The government continued the German Islam Conference dialogue with Muslims in the country. The dialogue’s aim was to improve the religious and social participation of the Muslim population, give greater recognition to Muslims’ contributions to society, and – in the absence of a central organization representing all Muslims in the country – further develop partnerships between the government and Muslim organizations. The conference held a video discussion on imam training with Interior Minister Horst Seehofer on November 10. Participants discussed initiatives to promote imam training, including imam employment in congregations, religious instruction in public schools, and pastoral care in public institutions, especially prison and military chaplaincies. The Interior Minister discussed the Independent Expert Group on Anti-Muslim Hostility, established in September, which focuses on distinguishing between criticism of religion and hostility toward Muslims.

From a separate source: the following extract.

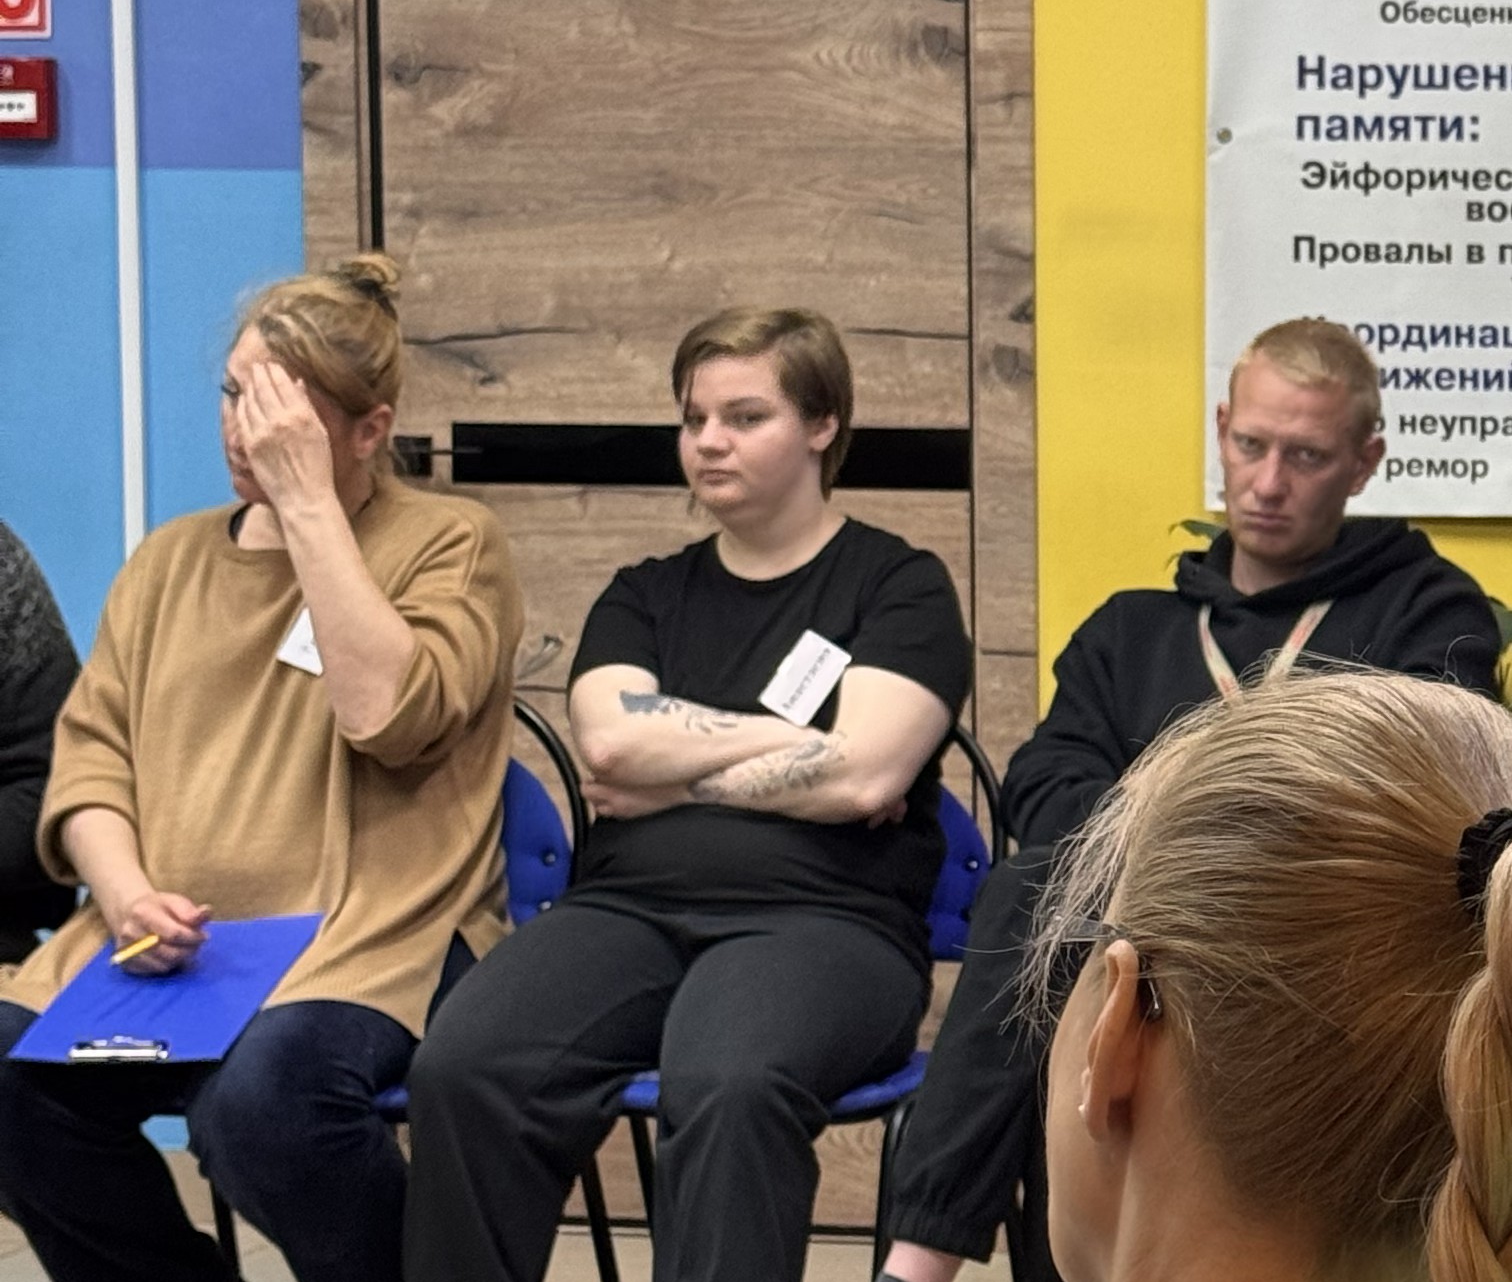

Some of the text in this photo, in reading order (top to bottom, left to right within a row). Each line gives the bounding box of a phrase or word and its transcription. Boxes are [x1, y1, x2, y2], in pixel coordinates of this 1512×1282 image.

In May, the Bundestag unanimously approved a bill authorizing rabbis to serve as military chaplains, performing pastoral services for the approximately 300 Jewish soldiers in the Bundeswehr (federal army). The Bundesrat, the chamber representing the federal states, also approved the bill in July. The selection of up to 10 rabbis was scheduled to begin in autumn. The country’s Conference of Orthodox Rabbis welcomed the action as “an important signal, especially in times…when there is again fertile ground for anti-Semitism, hate from the far right, and conspiracy theorists.” The federal government also said it was developing plans to authorize Muslim chaplains for the approximately 3,000 Muslims serving in the Bundeswehr, but the Central Council of Muslims Chair Aiman Mazyek said in a July interview that the government had not yet taken any concrete steps. In December, the state of Baden-Wuerttemberg appointed police rabbis for the first time in its history, one for the Jewish Religious Community of Wuerttemberg, and one for the Baden region. Their tasks included raising awareness of Jewish issues among police officers.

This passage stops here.